TASK OBJECTIVE: Omitting the pictures, print every line below exactly as it stands.

RECORDS FOR THIS EXERCISE:

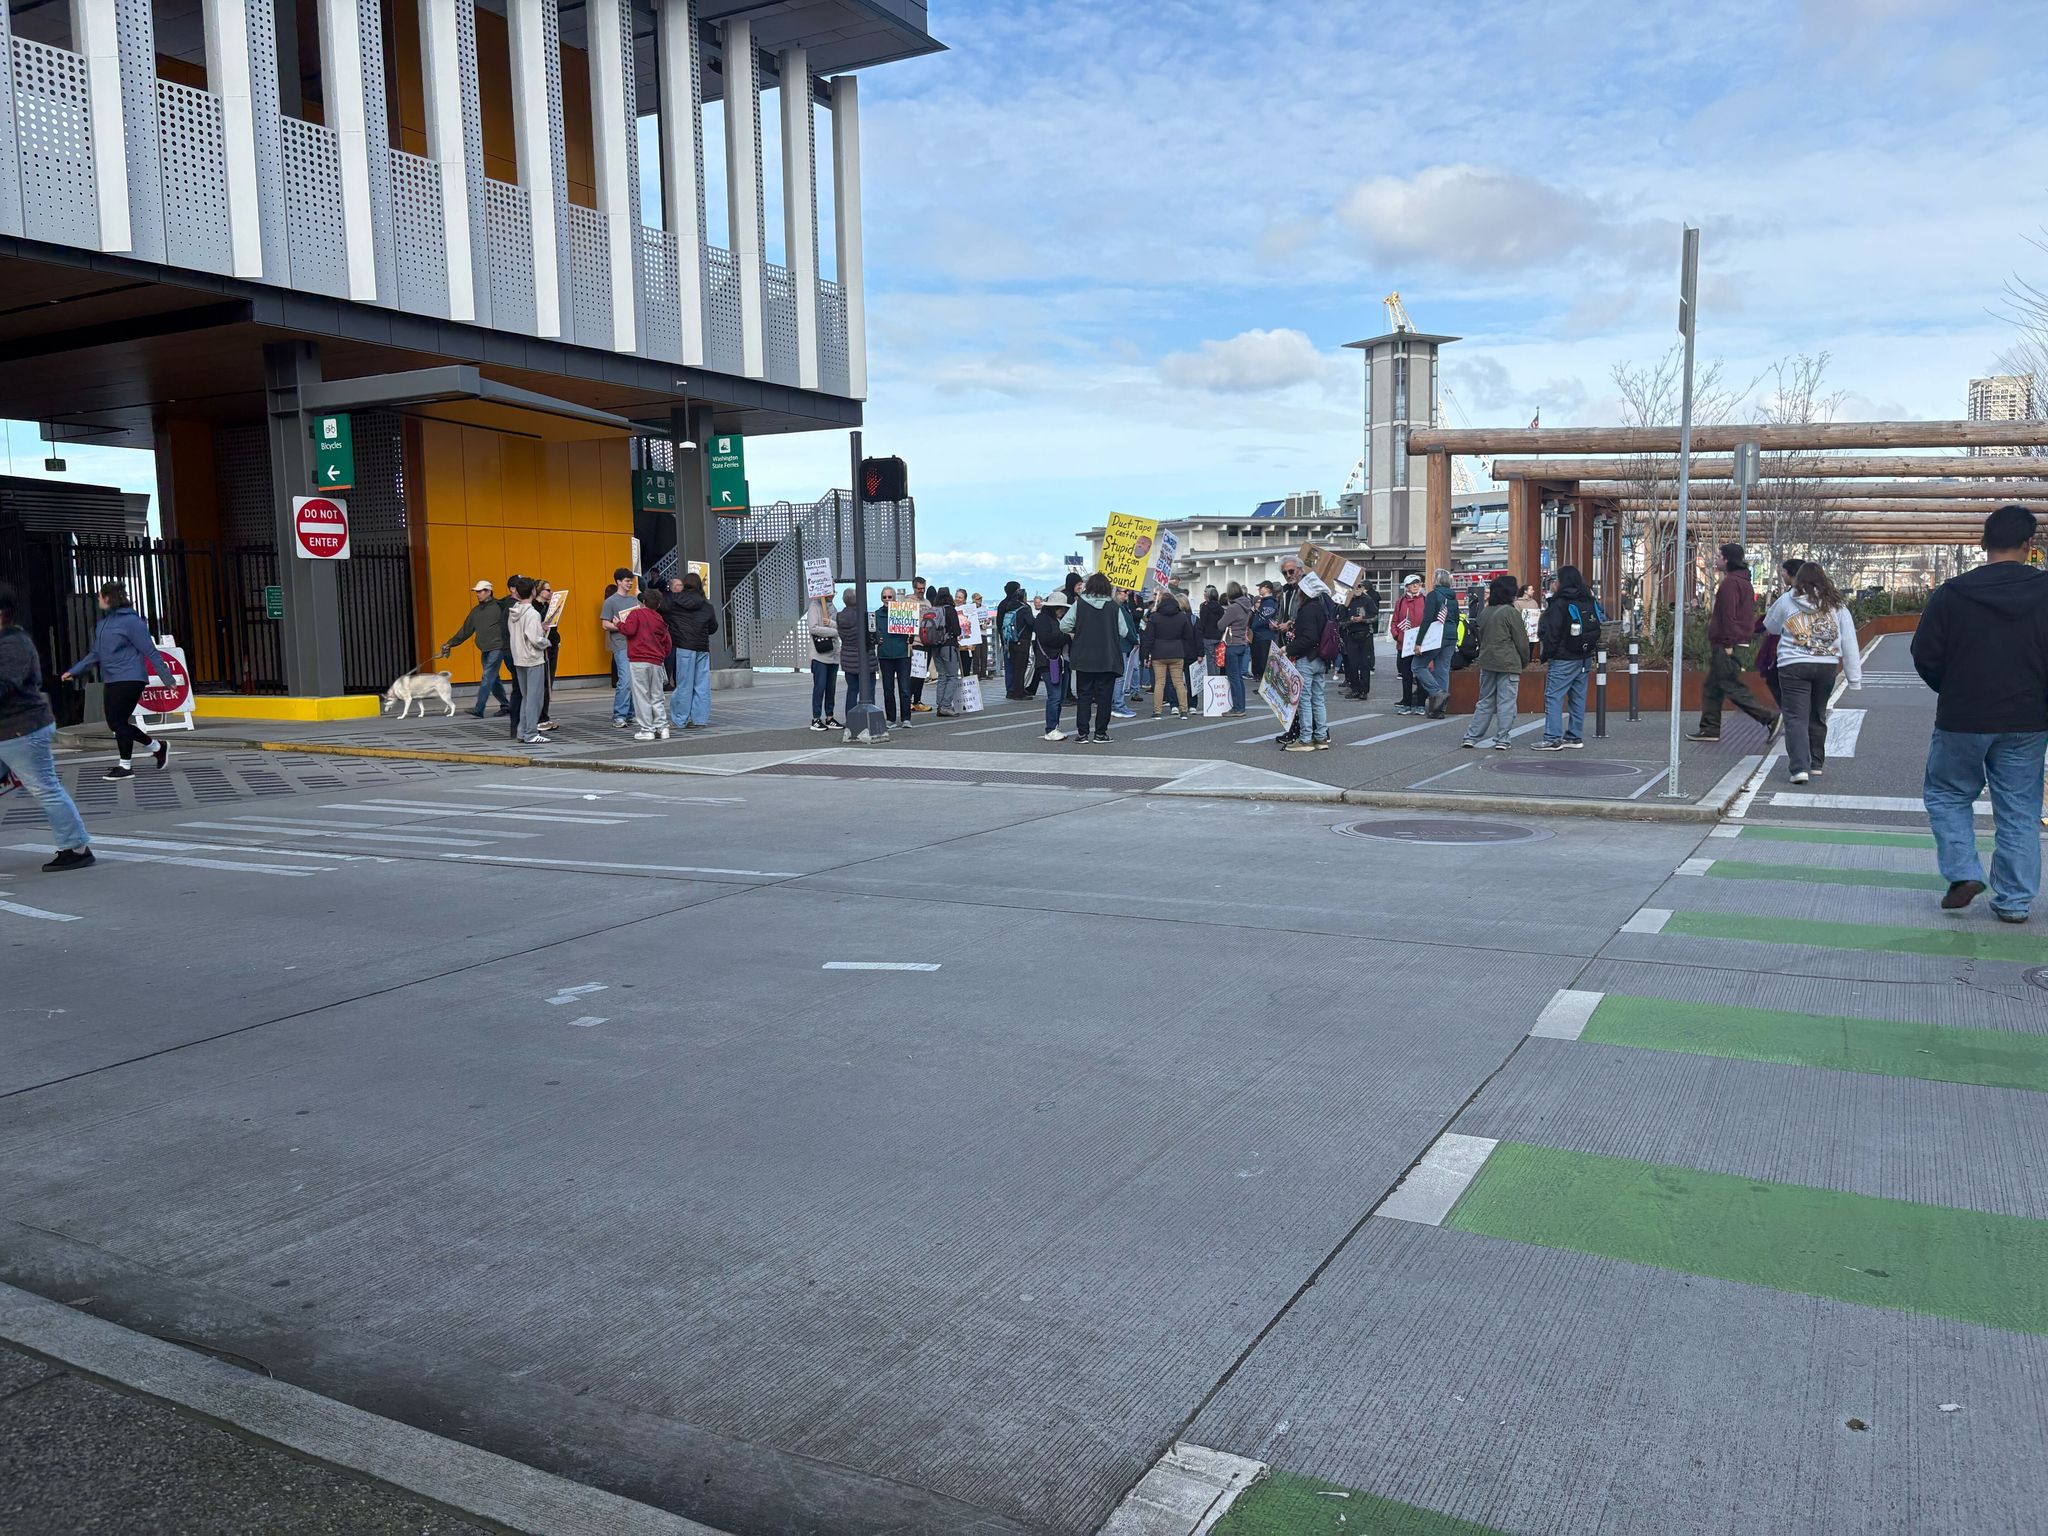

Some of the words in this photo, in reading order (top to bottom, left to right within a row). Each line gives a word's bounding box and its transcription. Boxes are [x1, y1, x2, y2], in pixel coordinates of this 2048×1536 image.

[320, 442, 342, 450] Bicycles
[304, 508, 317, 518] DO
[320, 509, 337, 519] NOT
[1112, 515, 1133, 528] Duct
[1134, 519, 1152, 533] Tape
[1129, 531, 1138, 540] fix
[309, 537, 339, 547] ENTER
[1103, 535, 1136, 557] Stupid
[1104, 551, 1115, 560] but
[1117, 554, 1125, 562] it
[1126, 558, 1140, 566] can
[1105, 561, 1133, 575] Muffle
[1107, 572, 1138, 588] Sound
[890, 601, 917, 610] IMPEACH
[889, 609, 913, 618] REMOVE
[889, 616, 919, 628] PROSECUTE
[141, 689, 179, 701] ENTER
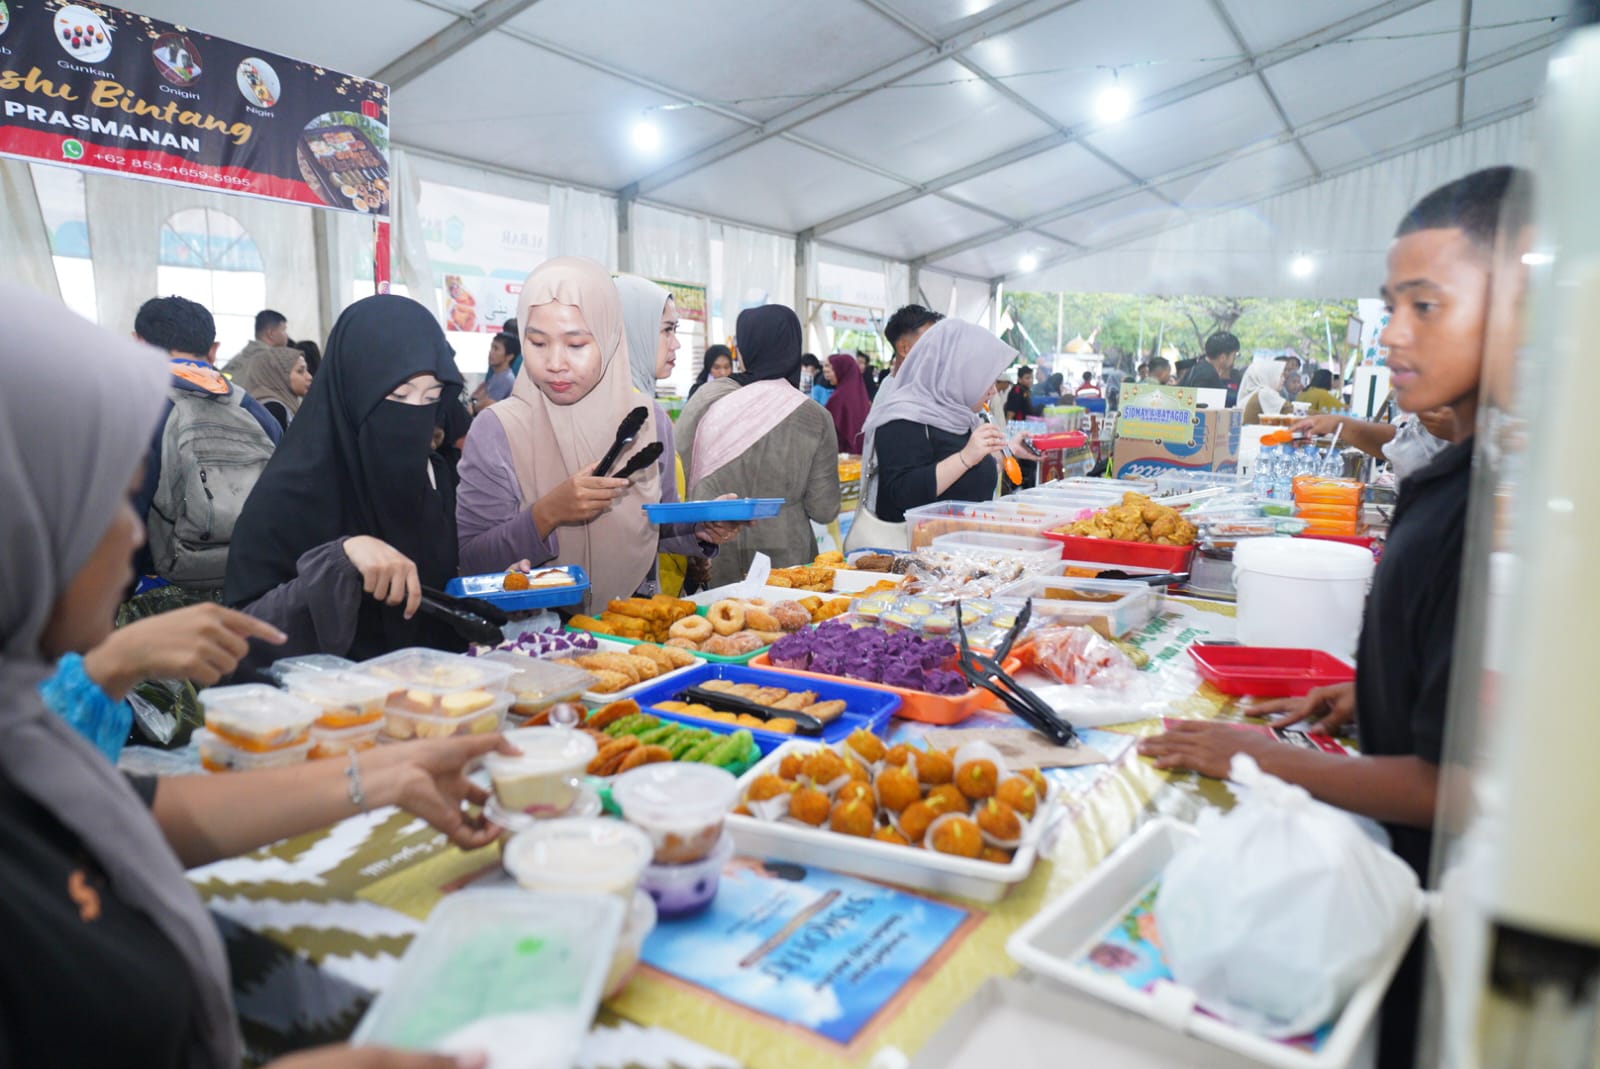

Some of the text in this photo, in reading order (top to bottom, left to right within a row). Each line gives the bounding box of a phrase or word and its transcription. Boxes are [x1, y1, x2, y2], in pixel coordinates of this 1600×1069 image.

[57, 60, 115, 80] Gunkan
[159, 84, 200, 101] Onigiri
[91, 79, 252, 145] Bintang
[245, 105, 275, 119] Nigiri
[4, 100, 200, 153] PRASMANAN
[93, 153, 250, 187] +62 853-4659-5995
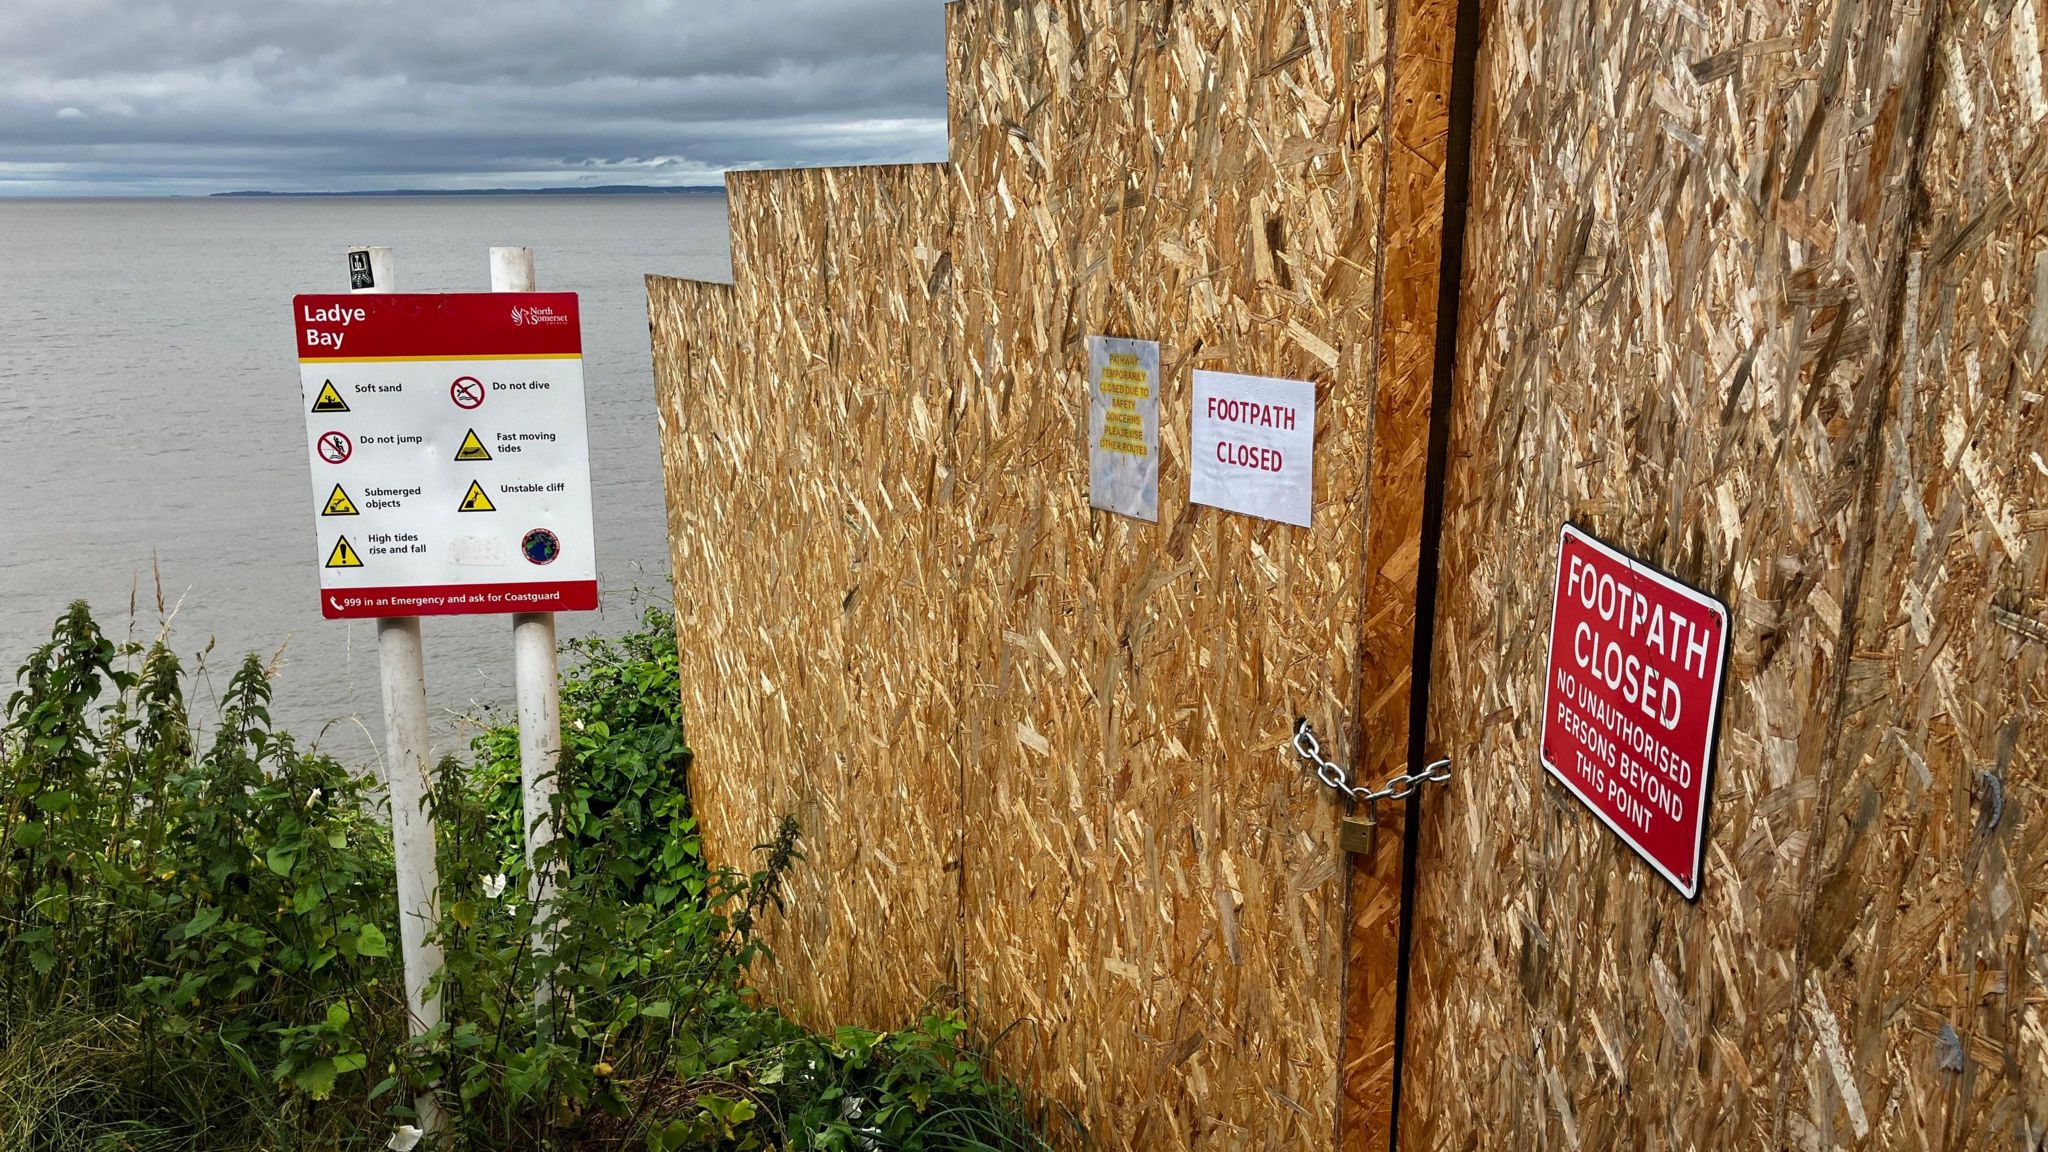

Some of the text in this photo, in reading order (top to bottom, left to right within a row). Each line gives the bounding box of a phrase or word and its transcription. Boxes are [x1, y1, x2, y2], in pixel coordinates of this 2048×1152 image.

YOUR SOLUTION:
Some of the words in this photo, in reading order (top to bottom, left to right within a row). Each line gives a word's bounding box and its transcription. Boxes are [x1, y1, x2, y2], in pixel coordinates of this 2048×1536 image.

[320, 442, 342, 450] Bicycles
[304, 508, 317, 518] DO
[320, 509, 337, 519] NOT
[1112, 515, 1133, 528] Duct
[1134, 519, 1152, 533] Tape
[1129, 531, 1138, 540] fix
[309, 537, 339, 547] ENTER
[1103, 535, 1136, 557] Stupid
[1104, 551, 1115, 560] but
[1117, 554, 1125, 562] it
[1126, 558, 1140, 566] can
[1105, 561, 1133, 575] Muffle
[1107, 572, 1138, 588] Sound
[890, 601, 917, 610] IMPEACH
[889, 609, 913, 618] REMOVE
[889, 616, 919, 628] PROSECUTE
[141, 689, 179, 701] ENTER

Some of the text in this photo, in reading order (top to bottom, left to right within a row). Each line gives the bounding box of a phrase or word and its transcription. Boxes are [x1, y1, x2, y2], in pixel coordinates of this 1600×1069 image.

[57, 60, 115, 80] Gunkan
[159, 84, 200, 101] Onigiri
[91, 79, 252, 145] Bintang
[245, 105, 275, 119] Nigiri
[4, 100, 200, 153] PRASMANAN
[93, 153, 250, 187] +62 853-4659-5995

Some of the text in this photo, in reading order (top to bottom, left to right within a row). Each line gives the bounding box of a phrase or word and its transcription. Boxes are [x1, y1, x2, y2], in pixel coordinates of this 2048×1152 image.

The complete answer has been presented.